Welcome to EcoWest News, a weekly round-up of news and resources that you can put to use in addressing environmental issues and protecting the wild in your community.
Across the West
Alberta’s oil and gas sector is better positioned than other parts of the Canadian economy to meet or exceed Canada’s emissions reduction target. [Pembina Institute]
“Canada is significantly understating emissions associated with industrial logging” which represent the “equivalent to Canada failing to report all the emissions from oil sands operations in our country”. [Nature Canada]
The Saskatchewan Prairie Conservation Action Plan is hosting a week-long series of webinars for Prairie’s Got the Goods Week, March 7-11. Topics include the role of prairie wetlands in flood prevention, prairie bees, and integrating strips of prairie in row crop fields. [SK PCAP]
Around the World
The US Wild and Scenic Rivers Act protects rivers from development (e.g. dams & mines). Proposals currently before Congress “would add 7,000 miles to the national tally and an additional 5 million acres of protections of riverside land”. [The Revelator]
“Cloud seeding, if it’s done at all, is most effective when practiced continually, seeding in wet years and dry years alike to try to keep reservoirs full and soil moist.” It’s an additional tool, along with water conservation, but it won’t end drought across an entire region. [Yale Environment 360]
Community Science Projects
The David Suzuki Foundation is inviting everyone who lives in BC to report on the butterflies they spot in their community. 47 butterfly species were identified in Vancouver last year, but there are at least 184 species in BC as a whole, the greatest diversity in all of Canada. 10 out of 19 endangered insects in BC are butterflies. Don’t live in BC? Start your own community project! [David Suzuki Foundation]
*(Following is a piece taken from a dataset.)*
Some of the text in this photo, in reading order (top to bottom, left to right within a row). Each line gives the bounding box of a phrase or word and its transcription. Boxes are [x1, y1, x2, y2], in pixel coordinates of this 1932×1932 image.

On May 14, celebrate the return of migratory birds by hosting a World Migratory Bird Day event focusing on light pollution. Listen to the birds on a guided night walk, participate in the Globe at Night citizen science project, or organize a lights-out program in your community. [Nature Canada]
The Regional District of Central Kootenay has approved funding for environmental projects involving bats, bears, beavers, and toads. [The Star]
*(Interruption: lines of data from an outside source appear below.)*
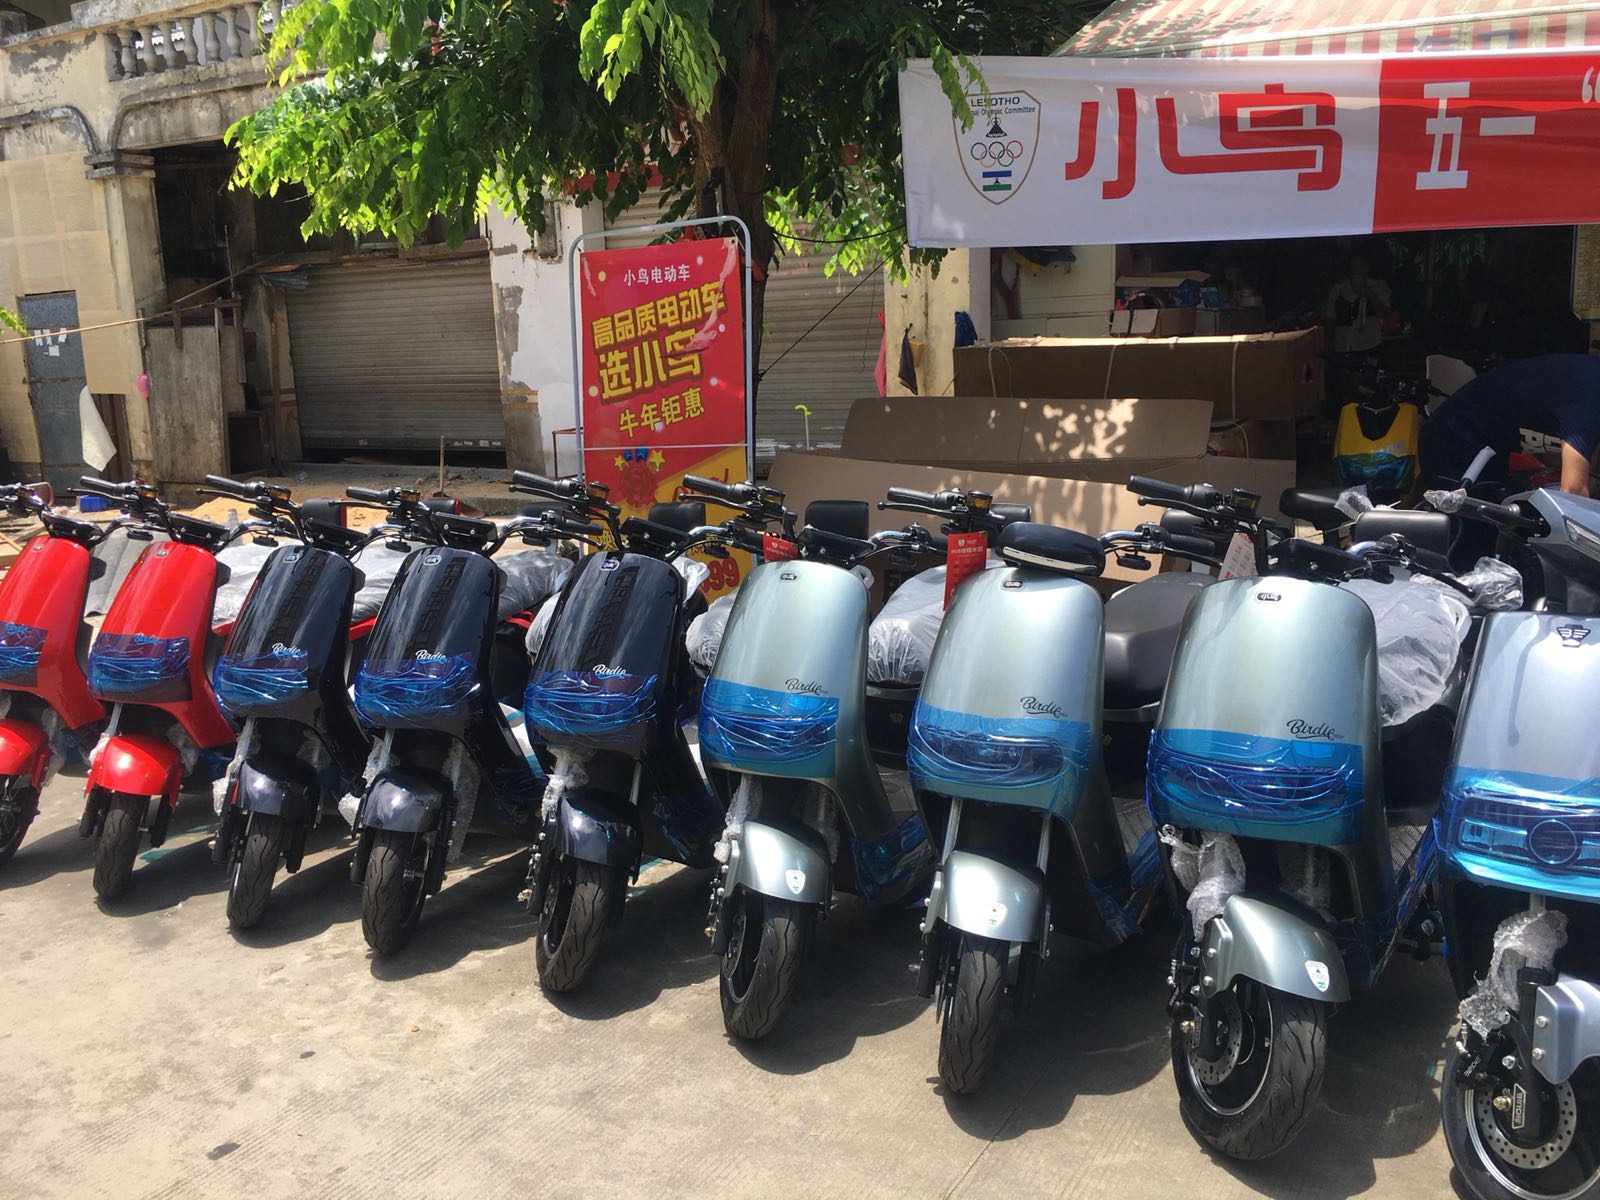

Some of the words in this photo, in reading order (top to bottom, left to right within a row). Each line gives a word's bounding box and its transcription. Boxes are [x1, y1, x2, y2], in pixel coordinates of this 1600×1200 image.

[970, 96, 1021, 107] LEOTHO
[1065, 82, 1343, 200] 小鸟
[623, 264, 691, 287] 小鸟电动车
[591, 280, 727, 350] 高品质电动车
[599, 327, 703, 400] 选小鸟
[619, 387, 705, 438] 牛年钜惠
[592, 663, 627, 679] Birdie
[785, 678, 823, 696] Birdie
[1020, 696, 1062, 718] Birdie
[1286, 719, 1336, 741] Birdie
There were 52 renewable energy co-operatives operating in Canada in 2021. Most focus on wind energy, but there is growing interest in biofuels in BC and Quebec. Greater co-operation between co-operatives could lower costs, share knowledge, build networks, and foster innovation. [Canadian Centre for the Study of Co-operatives]
Interest is growing in microgrids so communities can generate their own power, be free of utilities’ fossil fuel power plants, and increase electricity reliability. [Union of Concerned Scientists]
On the Bookshelf
A fully updated version of Bats of British Columbia by Cori Lausen, David Nagorsen, and Mark Brigham includes colour photographs, new material on acoustic identification, and in-depth information on the 18 species found in BC.
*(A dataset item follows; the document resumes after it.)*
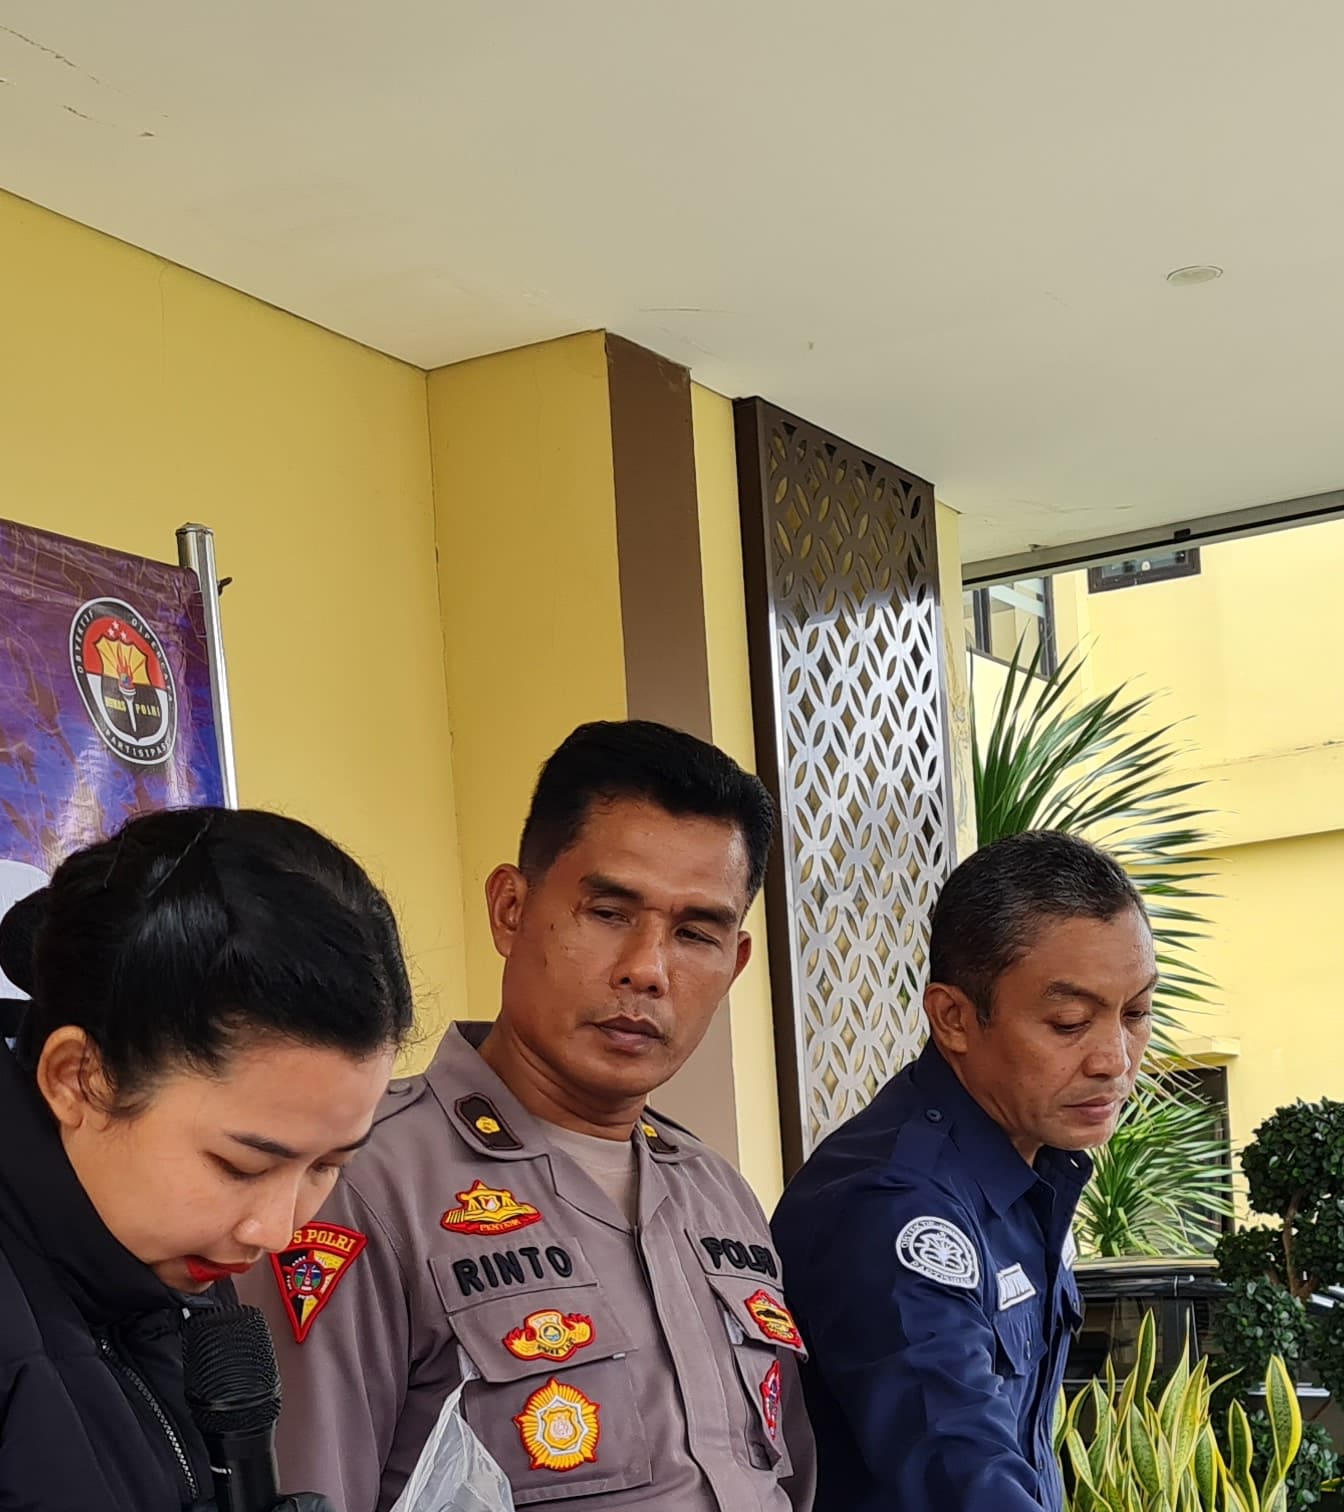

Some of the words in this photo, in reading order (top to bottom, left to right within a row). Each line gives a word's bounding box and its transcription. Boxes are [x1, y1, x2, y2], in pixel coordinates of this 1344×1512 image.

[303, 1229, 356, 1252] POLRI
[701, 1237, 778, 1280] POLRI
[452, 1245, 573, 1297] RINTO
Sustainability Matters: Prospects for a Just Transition in Calgary, Canada’s Petro-City by Noel Keough with Geoff Ghitter is a story of Calgary’s setbacks and successes on a path toward sustainability (free PDF).
Conserving the Legacy: Wildlife Conservation in Saskatchewan 1905-2005 by Wayne Pepper traces changes in wildlife populations, demonstrating how approaches to wildlife conservation have evolved in the face of settlement, development, and ecological change.
What do fish sound like? A database of fish sounds will help track fish, learn if they’re stressed, and assess the impact of man-made noises. [CBC British Columbia]
A newly discovered species of frog that looks like it’s made of melted chocolate has been found in the Amazon peatlands. [Mongabay]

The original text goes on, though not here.